De una sesión de meditación a un enorme antro
Si el concierto comenzó con cuencos sonoros y frases sobre bienestar, su tramo final parece decidido a destruir cualquier posibilidad de relajación.
‘Ha Ha’ comienza a acelerar esa transformación y ‘Lo quiero ya!’, colaboración con Fred again.., abre la puerta hacia la zona más electrónica del espectáculo.
Entonces el Palacio cambia por completo.
Los láseres atraviesan el recinto, las luces rojas dominan la pista y la producción adquiere una estética mucho más cercana a un club nocturno.
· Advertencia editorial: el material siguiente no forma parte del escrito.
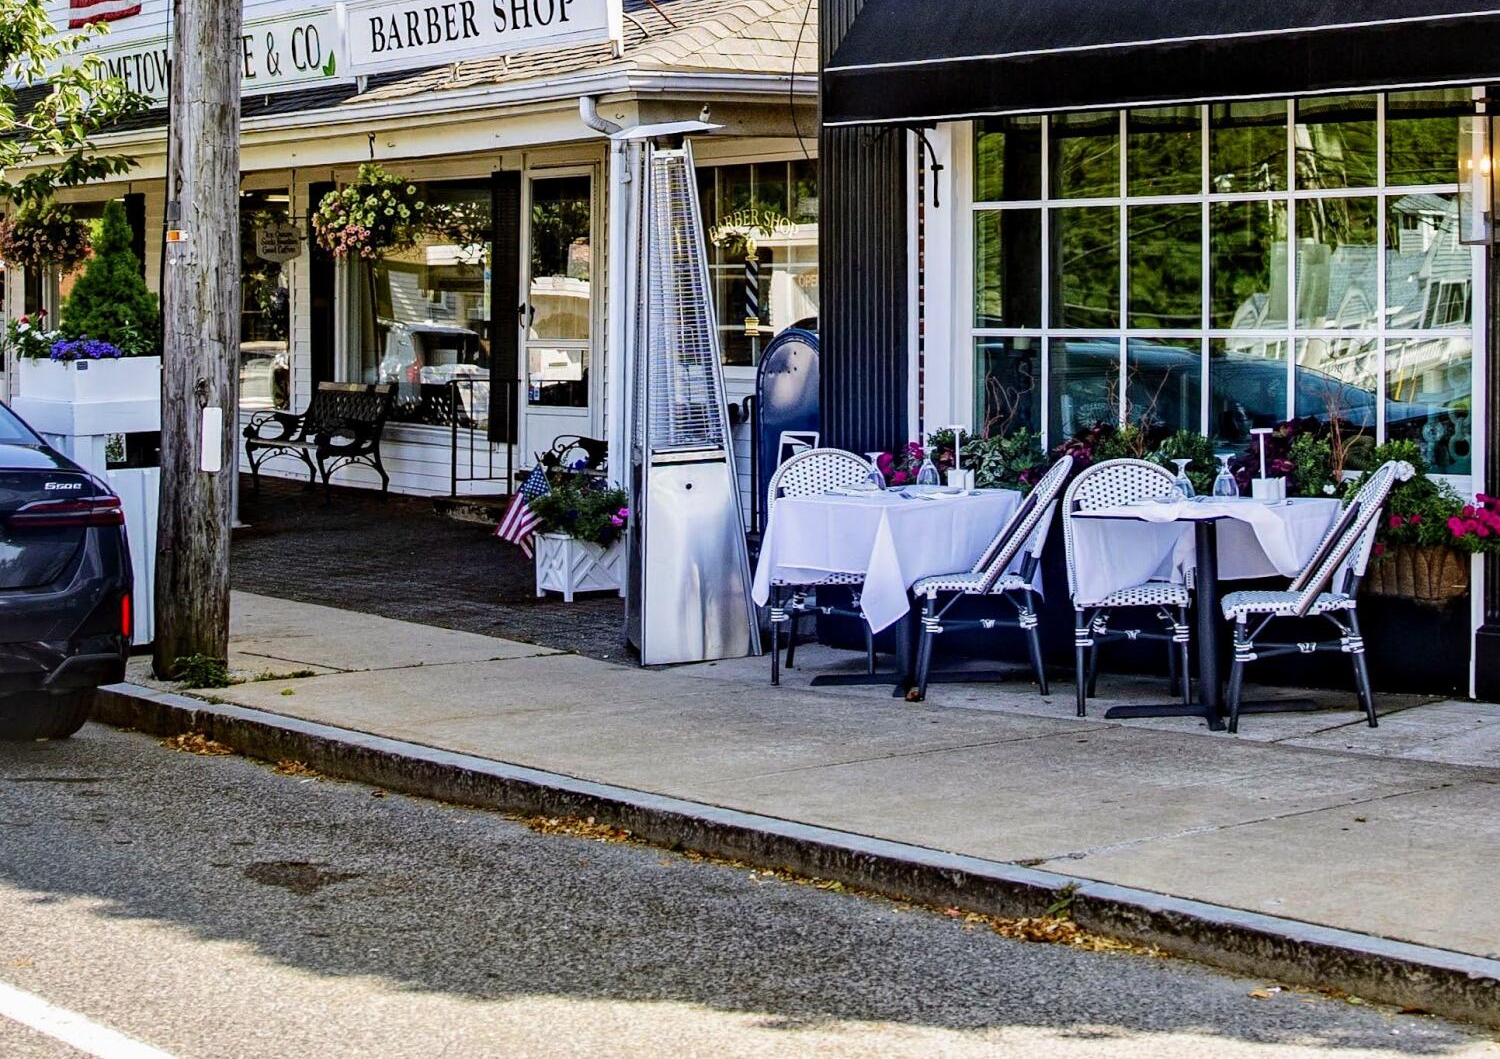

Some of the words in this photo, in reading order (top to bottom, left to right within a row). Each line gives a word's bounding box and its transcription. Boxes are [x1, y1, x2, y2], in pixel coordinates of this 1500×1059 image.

[266, 31, 282, 76] &
[291, 24, 321, 70] CO
[369, 0, 480, 52] BARBER
[708, 207, 760, 243] BARBER
[763, 210, 799, 238] SHOP
Durante varios minutos, el Free Spirits Wellness Center deja de parecer una clínica para convertirse en un enorme antro.
Fragmentos de ‘Pirlo’, ‘Cono hielo’, ‘OUKE’, ‘Ola Mina XD’, ‘Sheesh’ y ‘Jala Jala’ llevan esa fiesta a uno de sus momentos de mayor intensidad.
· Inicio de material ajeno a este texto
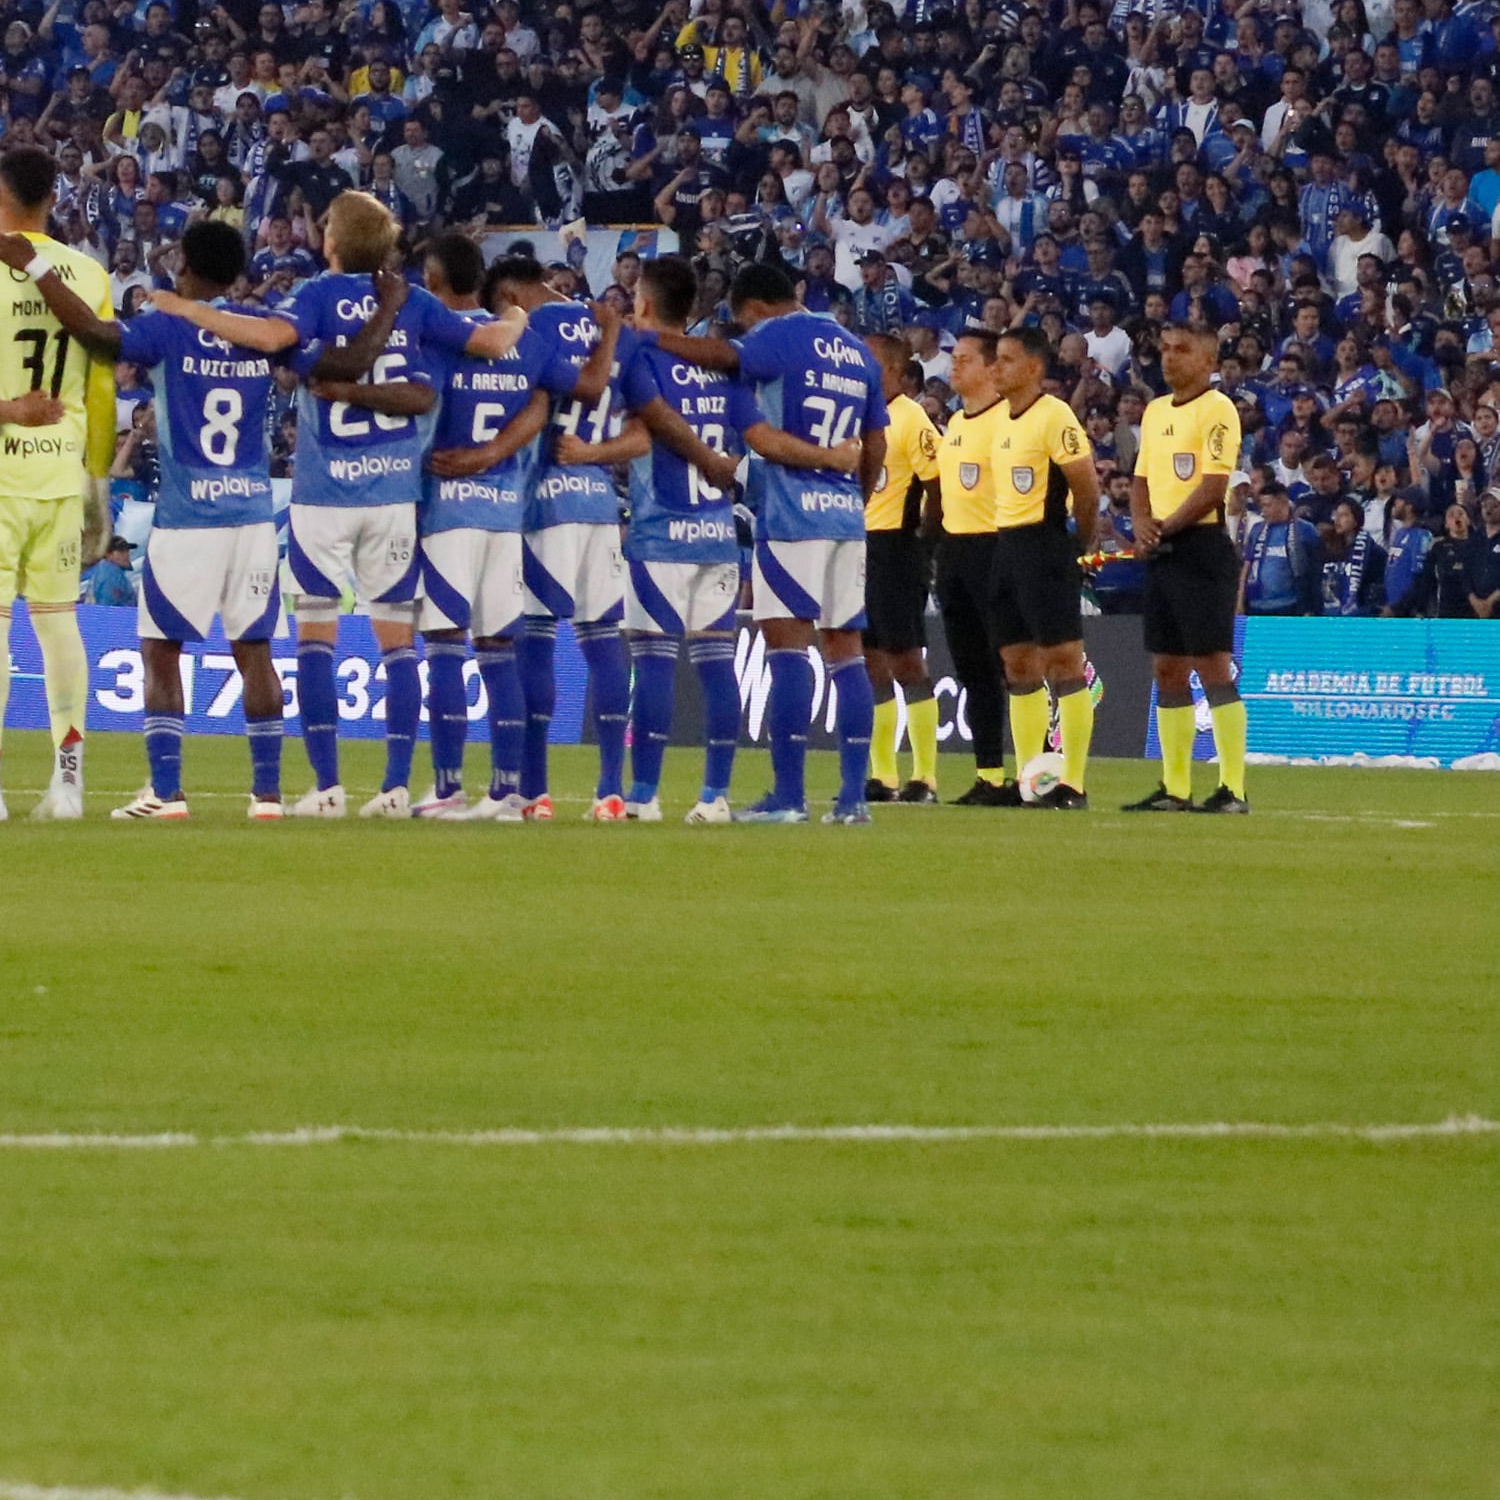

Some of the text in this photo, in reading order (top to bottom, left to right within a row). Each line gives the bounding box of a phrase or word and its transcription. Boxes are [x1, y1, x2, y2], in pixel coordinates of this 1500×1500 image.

[13, 329, 72, 401] 31
[471, 373, 528, 393] AREVALO
[805, 369, 819, 389] S.
[198, 386, 243, 466] 8
[329, 456, 411, 482] Wplay.co
[439, 482, 517, 506] Wplay.co
[1265, 672, 1488, 697] ACADEMIA DE FUTBOL
El contraste resume buena parte de la propuesta: la noche comenzó intentando relajar al público y termina obligándolo a bailar.
‘Himno del mediocre’, una última ironía
Después de casi hora y media de excesos visuales y musicales, ‘Himno del mediocre’ ofrece un cierre especialmente apropiado.
La canción reivindica a quien no llegó primero, al que estuvo cerca, al que se reconoce incompleto y acepta que quizá no necesita ser excepcional todo el tiempo. Resulta inevitable encontrar la ironía cuando miles de personas cantan sobre la mediocridad frente a dos músicos que acaban de llenar el Palacio de los Deportes.
Ahí termina de cerrarse el círculo.
‘No me sirve más’ abre cuestionando el valor de conseguir aquello que alguna vez se deseó; ‘Himno del mediocre’ termina cuestionando la obligación de perseguir permanentemente algo más.
Entre ambas canciones, CA7RIEL & Paco Amoroso construyen un espectáculo que consigue que su concepto no aplaste a la música. La banda, el humor, los cambios de género y una producción que pasa de la quietud de un retiro a la intensidad de un club sostienen una experiencia que constantemente se transforma.
Un año después de PAPOTA, regresaron al mismo Palacio con otra estética y otra pregunta. Ya no se trata únicamente de crecer hasta convertirse en algo extraordinario, sino de entender qué queda cuando finalmente se consigue.
La clínica era ficticia, la crisis que la inspiró no. Y durante una noche, miles de personas vestidas de blanco aceptaron convertirse en pacientes de CA7RIEL & Paco Amoroso.